We’re going to illustrate some horizontal integration examples to help you understand why it is used, and how it helps business to win against competing companies.

In a nutshell, horizontal integration refers to the acquisition of a company operating at the same level of the value chain. The acquired business can belong to either a similar industry or different one. Unlike in the case of vertical integration, whereby a company either expands upstream or downstream.

A few horizontal integration examples will enable us to clarify what it means in a better way. You can refer to some below, in this post.


Why is Horizontal Integration Used?

A horizontal integration is a business growth strategy (or a competitive strategy) that could be implemented for a number of reasons varying from:

  1. Diversification and pursuit of increased product offerings, increasing product differentiation
  2. Achieving economies of scale
  3. Trying to curb down the competition
  4. Gaining market power over suppliers and distributors
  5. Pursuing new markets through market development
  6. Expanding customer base

Horizontal integration thus helps create a competitive advantage over other players in the market. With the help of horizontal mergers, a small group of companies can gain a collective market share thereby creating an oligopoly.

Likewise, if the company is able to gain dominant market share then it can turn in to a monopoly.

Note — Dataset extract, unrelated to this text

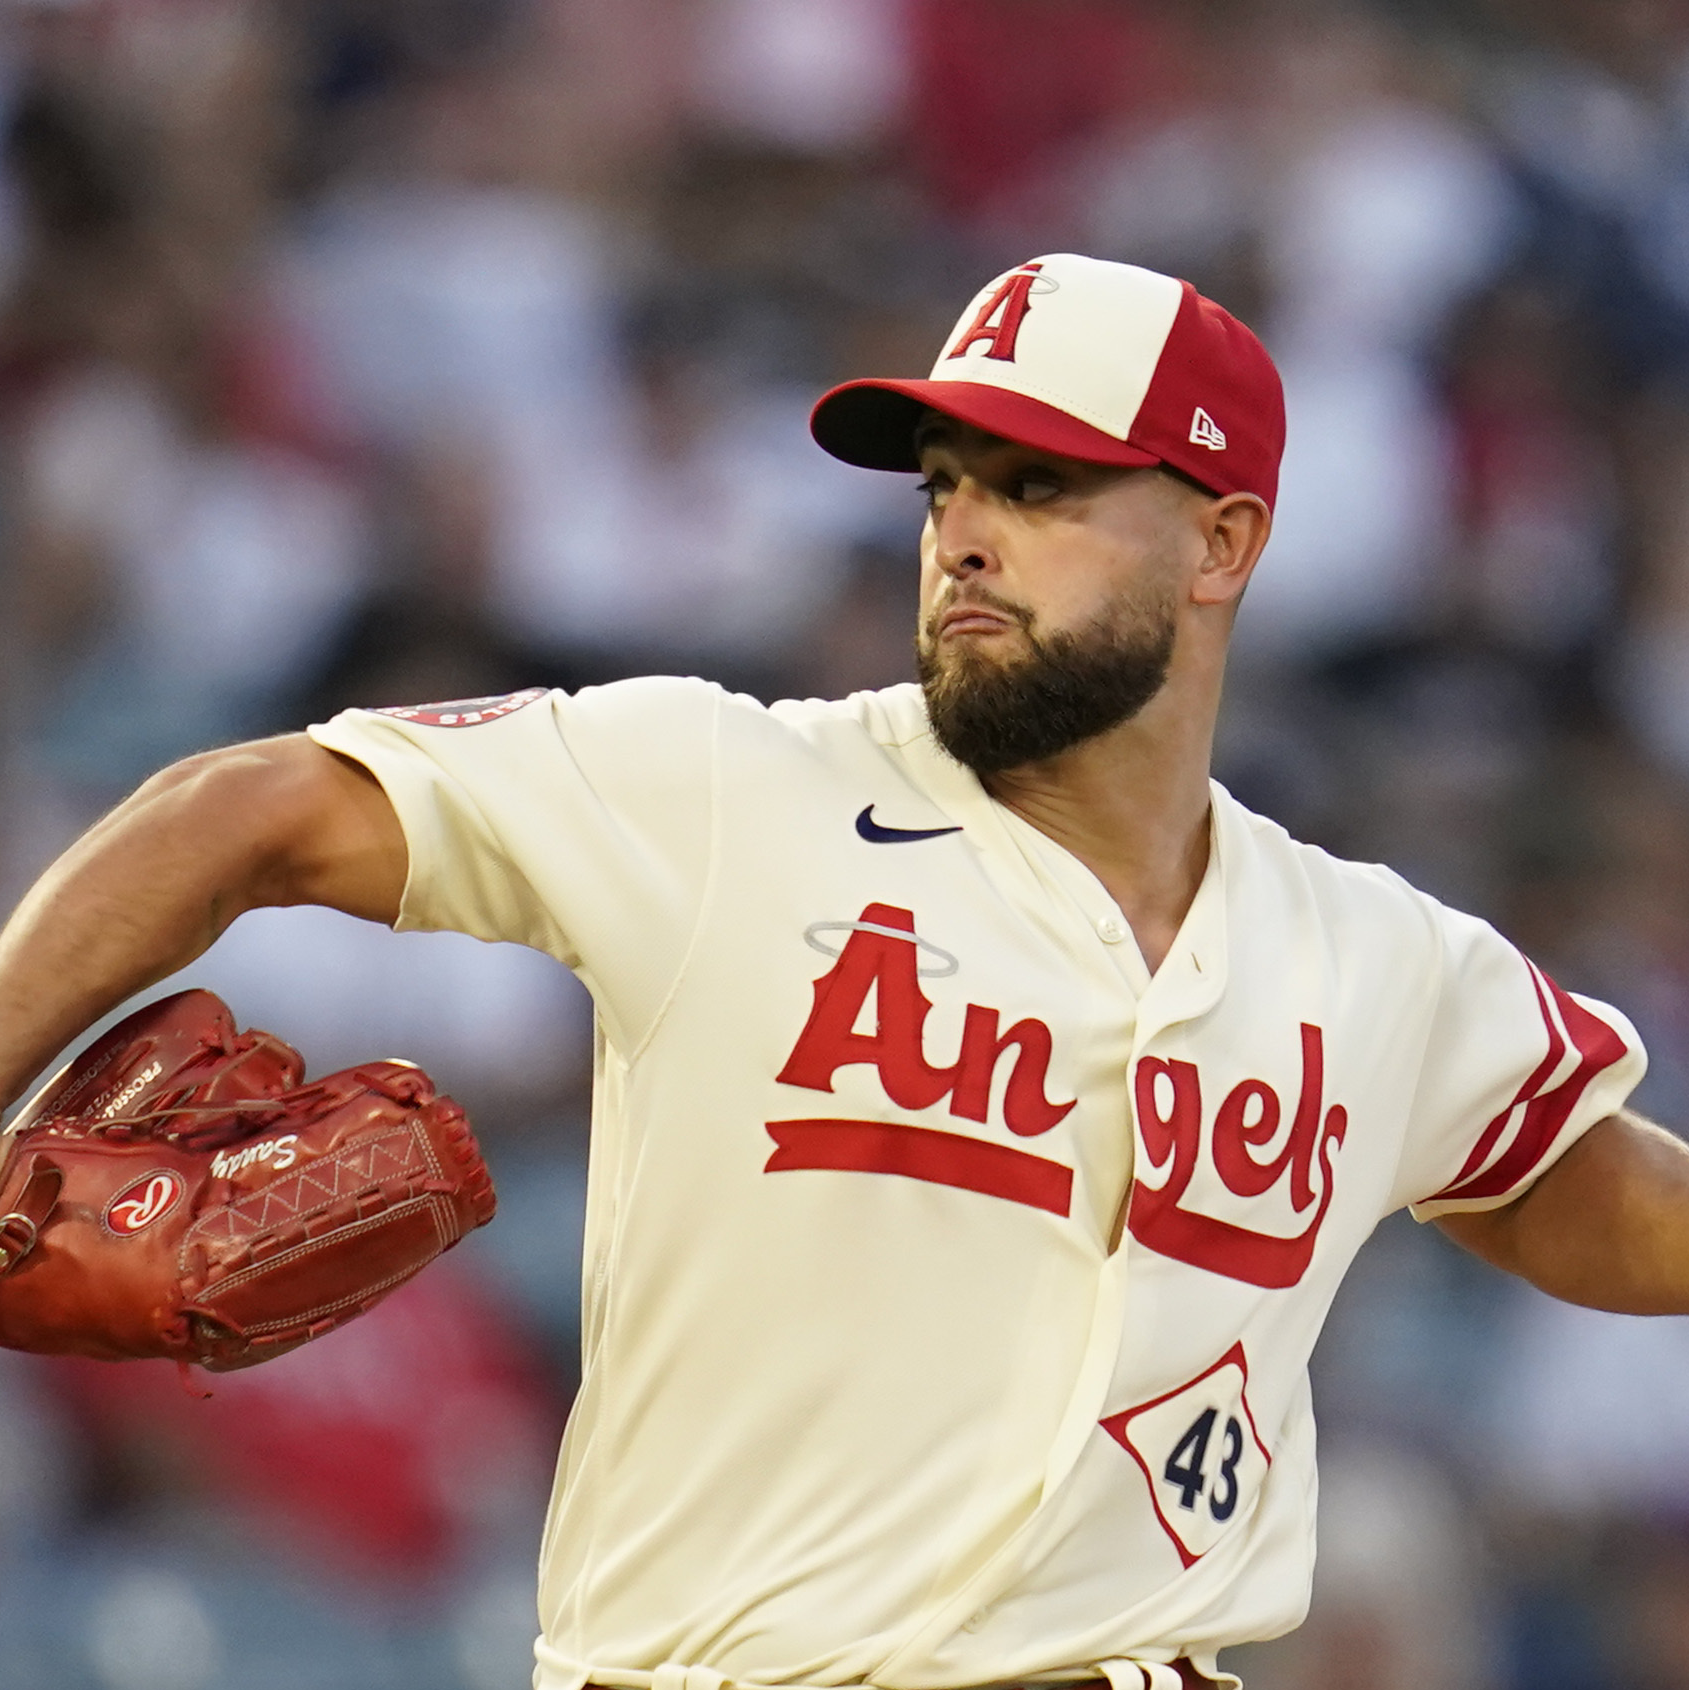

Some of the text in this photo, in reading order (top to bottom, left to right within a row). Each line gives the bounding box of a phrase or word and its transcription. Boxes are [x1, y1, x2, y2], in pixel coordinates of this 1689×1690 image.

[945, 263, 1044, 364] A
[775, 902, 1348, 1228] Angels
[209, 1133, 299, 1180] Sandy
[1162, 1405, 1245, 1523] 43

Examples of Horizontal Integration

  1. Facebook acquiring Instagram: Facebook acquired Instagram in 2012 for $1 billion. Instagram is a photo sharing platform that uses 11 filters, before the acquisition it didn’t have any monetizing strategy, yet had a lot of potential. Both Facebook and Instagram have been known to belong to the same social media industry and had been in similar production stages. For Facebook, this acquisition meant gaining more market share and thus being able to strengthen its positioning in the social sharing space. Eventually, the opportunity also helped access new audience for Facebook and reduce competition thus resulting in higher synergy.
  1. Walt Disney acquiring Pixar Animation Studios: The Walt Disney Company acquired Pixar Animation Studios in 2006 for $7.4 billion. Before this acquisition, Walt Disney that started off as an animation studio had been facing creative stagnation and market saturation. Pixar which had contemporary technology when it comes of digitally animated movies appeared more innovative and also the right company to acquire knowing that it was in the same animation space and the right fit for horizontal integration. This deal led to an increased market share and amplified profits.
  1. Marriott International acquiring Starwood Hotels: In 2015, Marriott International acquired Starwood Hotels for a whopping $13.6 billion thus being able to create the world’s largest hotel chain. This helped the hotel chain gain a strong hold for market share in the international market.
  1. Exxon acquiring Mobil in 1998: In 1998, the two major oil companies merged and it turned out to be the biggest merger in corporate history. Exxon bought Mobil for $73.7 billion thus being able to have complete access to Mobil’s gas stations and reserves. This enabled operational efficiency and now ExxonMobil is the biggest oil company in the world and also the 10th largest in terms of revenue.


Advantages of Horizontal Integration

  1. As a result of a horizontal merger, the number of companies in an industry is reduced which mean less competition to deal with and utilizing time to focus on core competencies and enhancing operational or production efficiency. The company can then offer the customer a cost-effective product.
  2. It also enables economies of scale as a result of the reduction in per unit cost of production and there can be an increase in bargaining power as well as far as suppliers are concerned. This is made possible because of the resultant huge size and impact of the company resulting from the merger.
  3. Managing the target company becomes convenient for the top management because of it being in the same business rather than being a new business category altogether.


Disadvantages of Horizontal Integration

  1. The customers could be at the losing end if the company as a result of this kind of merger utilizes its monopoly power to keep demand for its products inelastic. This could also turn out to be a means of customer exploitation.
  2. The deal could later pave the way for a lack of corporate synergy between the parent company and that acquired hence the anticipated gain may fail to get materialized. Management restructuring could also backfire leading to a major HR issue within the company.
  3. This may also lead to a reduction of the firm’s overall value, meanwhile, it is implied that the firm would focus its entire attention on the integration including costs and manpower. If the technology becomes obsolete or futile because of the change in government policy then the firm would be at the losing end despite all the effort put in.